Description of the task: Your answer should be the line containing "this 1824×1368 image." and each line after it through the end of the data below, repeated exactly.

Material for the task:
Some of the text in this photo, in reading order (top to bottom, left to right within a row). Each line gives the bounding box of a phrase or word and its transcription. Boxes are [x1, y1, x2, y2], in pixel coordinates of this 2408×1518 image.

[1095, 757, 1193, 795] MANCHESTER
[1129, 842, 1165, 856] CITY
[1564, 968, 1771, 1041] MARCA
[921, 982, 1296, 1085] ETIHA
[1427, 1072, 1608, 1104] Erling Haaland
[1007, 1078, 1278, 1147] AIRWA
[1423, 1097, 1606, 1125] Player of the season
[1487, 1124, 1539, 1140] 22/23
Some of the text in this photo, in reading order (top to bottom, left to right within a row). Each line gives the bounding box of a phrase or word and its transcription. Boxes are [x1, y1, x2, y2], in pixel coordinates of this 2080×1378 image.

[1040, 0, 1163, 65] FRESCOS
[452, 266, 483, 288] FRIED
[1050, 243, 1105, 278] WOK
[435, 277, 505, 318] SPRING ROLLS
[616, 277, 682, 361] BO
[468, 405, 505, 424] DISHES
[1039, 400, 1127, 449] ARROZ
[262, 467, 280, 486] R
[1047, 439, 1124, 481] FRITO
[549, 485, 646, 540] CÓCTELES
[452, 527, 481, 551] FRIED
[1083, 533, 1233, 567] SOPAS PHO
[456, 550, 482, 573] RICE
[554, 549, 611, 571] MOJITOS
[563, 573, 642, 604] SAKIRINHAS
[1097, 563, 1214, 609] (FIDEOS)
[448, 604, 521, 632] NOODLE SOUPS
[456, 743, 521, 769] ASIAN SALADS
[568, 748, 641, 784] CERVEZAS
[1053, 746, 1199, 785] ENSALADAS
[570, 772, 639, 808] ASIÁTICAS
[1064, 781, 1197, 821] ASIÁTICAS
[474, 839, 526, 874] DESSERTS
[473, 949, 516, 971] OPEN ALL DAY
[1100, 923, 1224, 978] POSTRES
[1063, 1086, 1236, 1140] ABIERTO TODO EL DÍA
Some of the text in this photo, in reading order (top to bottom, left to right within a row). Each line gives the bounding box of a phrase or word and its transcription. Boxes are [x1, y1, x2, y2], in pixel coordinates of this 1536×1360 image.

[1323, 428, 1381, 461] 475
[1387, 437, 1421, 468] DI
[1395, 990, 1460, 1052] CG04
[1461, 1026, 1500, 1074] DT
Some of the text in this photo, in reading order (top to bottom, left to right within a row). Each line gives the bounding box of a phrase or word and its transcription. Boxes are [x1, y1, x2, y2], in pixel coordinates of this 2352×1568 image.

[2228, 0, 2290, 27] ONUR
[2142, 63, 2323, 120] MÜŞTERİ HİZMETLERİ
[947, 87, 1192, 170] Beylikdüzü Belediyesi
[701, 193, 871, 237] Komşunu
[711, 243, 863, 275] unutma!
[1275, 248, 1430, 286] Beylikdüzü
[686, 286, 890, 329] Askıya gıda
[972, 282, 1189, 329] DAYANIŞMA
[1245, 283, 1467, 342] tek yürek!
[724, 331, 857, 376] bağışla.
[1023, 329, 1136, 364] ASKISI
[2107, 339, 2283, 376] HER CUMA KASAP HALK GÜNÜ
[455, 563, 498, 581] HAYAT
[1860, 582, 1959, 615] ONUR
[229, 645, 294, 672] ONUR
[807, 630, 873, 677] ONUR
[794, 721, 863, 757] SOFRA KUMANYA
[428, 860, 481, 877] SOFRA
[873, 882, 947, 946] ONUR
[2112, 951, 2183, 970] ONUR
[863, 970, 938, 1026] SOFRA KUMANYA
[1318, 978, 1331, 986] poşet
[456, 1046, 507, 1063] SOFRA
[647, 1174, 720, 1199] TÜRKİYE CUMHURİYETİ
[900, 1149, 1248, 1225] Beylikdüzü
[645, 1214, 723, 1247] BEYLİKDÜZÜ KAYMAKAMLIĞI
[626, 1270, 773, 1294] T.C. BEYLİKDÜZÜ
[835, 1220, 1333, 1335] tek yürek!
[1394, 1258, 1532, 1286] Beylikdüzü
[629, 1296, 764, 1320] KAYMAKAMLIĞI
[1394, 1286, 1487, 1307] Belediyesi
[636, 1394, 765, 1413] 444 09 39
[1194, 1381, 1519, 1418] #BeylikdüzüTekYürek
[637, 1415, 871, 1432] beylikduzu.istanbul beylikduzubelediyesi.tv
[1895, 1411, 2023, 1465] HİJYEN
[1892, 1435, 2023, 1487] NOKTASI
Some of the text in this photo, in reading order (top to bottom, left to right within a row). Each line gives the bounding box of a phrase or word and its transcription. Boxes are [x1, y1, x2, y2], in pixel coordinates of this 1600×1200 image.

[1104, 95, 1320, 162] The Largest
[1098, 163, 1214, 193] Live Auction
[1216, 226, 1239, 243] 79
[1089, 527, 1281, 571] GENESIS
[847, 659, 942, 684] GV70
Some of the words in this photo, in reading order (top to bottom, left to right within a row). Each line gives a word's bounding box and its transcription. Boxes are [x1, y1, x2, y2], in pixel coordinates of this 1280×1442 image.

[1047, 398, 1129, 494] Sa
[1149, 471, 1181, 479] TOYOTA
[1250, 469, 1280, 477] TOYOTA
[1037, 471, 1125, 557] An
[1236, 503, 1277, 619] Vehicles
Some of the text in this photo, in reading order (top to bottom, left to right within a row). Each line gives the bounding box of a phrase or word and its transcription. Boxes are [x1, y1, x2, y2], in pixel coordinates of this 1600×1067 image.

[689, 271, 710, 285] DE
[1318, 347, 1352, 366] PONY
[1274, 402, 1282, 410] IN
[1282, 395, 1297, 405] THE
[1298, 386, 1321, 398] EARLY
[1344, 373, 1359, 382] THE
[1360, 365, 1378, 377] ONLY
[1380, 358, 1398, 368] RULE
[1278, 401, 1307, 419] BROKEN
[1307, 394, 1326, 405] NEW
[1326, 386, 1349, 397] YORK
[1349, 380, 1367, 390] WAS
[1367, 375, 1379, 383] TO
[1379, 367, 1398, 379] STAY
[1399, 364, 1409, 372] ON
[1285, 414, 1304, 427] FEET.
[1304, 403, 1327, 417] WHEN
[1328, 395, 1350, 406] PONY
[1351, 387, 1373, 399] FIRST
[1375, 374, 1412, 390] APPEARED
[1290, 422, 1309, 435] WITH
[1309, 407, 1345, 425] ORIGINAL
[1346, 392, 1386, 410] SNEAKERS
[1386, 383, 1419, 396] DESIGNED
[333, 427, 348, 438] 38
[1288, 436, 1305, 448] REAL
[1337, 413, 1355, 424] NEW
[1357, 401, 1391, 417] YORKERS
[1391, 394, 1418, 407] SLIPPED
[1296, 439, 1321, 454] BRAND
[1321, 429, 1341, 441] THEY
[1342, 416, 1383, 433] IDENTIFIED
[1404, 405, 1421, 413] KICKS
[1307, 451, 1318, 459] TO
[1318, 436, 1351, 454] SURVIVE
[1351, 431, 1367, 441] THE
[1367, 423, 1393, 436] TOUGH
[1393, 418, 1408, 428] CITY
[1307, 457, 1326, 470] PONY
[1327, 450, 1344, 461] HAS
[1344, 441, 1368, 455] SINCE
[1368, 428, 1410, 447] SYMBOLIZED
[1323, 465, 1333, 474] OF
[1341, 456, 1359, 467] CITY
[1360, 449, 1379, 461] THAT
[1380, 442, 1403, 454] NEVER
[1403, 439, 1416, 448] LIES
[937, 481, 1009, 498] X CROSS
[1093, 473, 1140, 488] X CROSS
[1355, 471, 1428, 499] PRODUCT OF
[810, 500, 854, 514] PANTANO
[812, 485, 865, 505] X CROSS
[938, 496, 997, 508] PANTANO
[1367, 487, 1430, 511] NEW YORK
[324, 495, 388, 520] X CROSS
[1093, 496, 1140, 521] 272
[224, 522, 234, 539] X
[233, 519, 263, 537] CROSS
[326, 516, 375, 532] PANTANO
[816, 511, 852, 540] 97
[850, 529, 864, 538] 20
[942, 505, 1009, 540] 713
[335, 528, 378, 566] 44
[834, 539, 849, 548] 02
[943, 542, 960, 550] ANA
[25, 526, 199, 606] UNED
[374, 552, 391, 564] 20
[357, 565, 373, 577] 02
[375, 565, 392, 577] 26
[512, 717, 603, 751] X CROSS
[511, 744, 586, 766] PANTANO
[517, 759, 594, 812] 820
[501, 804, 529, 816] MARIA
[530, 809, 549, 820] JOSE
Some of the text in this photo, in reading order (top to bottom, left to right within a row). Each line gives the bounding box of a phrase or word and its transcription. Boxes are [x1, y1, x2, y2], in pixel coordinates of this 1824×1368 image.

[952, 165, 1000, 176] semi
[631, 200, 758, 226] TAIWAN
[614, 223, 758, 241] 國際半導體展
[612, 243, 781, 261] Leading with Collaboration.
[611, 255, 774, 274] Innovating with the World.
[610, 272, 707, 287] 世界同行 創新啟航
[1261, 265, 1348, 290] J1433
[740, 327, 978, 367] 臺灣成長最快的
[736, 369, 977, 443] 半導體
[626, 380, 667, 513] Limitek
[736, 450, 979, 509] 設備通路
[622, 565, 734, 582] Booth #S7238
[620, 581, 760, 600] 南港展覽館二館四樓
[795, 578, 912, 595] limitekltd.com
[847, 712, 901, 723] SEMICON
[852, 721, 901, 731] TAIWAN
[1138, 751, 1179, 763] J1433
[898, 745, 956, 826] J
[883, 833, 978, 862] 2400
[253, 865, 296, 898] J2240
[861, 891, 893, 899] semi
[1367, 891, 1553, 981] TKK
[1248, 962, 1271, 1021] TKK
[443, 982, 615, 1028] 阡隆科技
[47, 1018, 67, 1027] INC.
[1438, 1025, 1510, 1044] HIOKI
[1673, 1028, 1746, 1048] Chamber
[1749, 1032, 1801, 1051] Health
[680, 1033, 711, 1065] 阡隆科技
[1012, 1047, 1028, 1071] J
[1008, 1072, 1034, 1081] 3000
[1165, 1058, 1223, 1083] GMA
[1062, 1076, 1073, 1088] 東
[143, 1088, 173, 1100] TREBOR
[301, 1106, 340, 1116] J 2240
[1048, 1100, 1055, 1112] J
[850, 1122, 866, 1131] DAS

Your solution:
Some of the text in this photo, in reading order (top to bottom, left to right within a row). Each line gives the bounding box of a phrase or word and its transcription. Boxes are [x1, y1, x2, y2], in pixel coordinates of this 1824×1368 image.

[952, 165, 1000, 176] semi
[631, 200, 758, 226] TAIWAN
[614, 223, 758, 241] 國際半導體展
[612, 243, 781, 261] Leading with Collaboration.
[611, 255, 774, 274] Innovating with the World.
[610, 272, 707, 287] 世界同行 創新啟航
[1261, 265, 1348, 290] J1433
[740, 327, 978, 367] 臺灣成長最快的
[736, 369, 977, 443] 半導體
[626, 380, 667, 513] Limitek
[736, 450, 979, 509] 設備通路
[622, 565, 734, 582] Booth #S7238
[620, 581, 760, 600] 南港展覽館二館四樓
[795, 578, 912, 595] limitekltd.com
[847, 712, 901, 723] SEMICON
[852, 721, 901, 731] TAIWAN
[1138, 751, 1179, 763] J1433
[898, 745, 956, 826] J
[883, 833, 978, 862] 2400
[253, 865, 296, 898] J2240
[861, 891, 893, 899] semi
[1367, 891, 1553, 981] TKK
[1248, 962, 1271, 1021] TKK
[443, 982, 615, 1028] 阡隆科技
[47, 1018, 67, 1027] INC.
[1438, 1025, 1510, 1044] HIOKI
[1673, 1028, 1746, 1048] Chamber
[1749, 1032, 1801, 1051] Health
[680, 1033, 711, 1065] 阡隆科技
[1012, 1047, 1028, 1071] J
[1008, 1072, 1034, 1081] 3000
[1165, 1058, 1223, 1083] GMA
[1062, 1076, 1073, 1088] 東
[143, 1088, 173, 1100] TREBOR
[301, 1106, 340, 1116] J 2240
[1048, 1100, 1055, 1112] J
[850, 1122, 866, 1131] DAS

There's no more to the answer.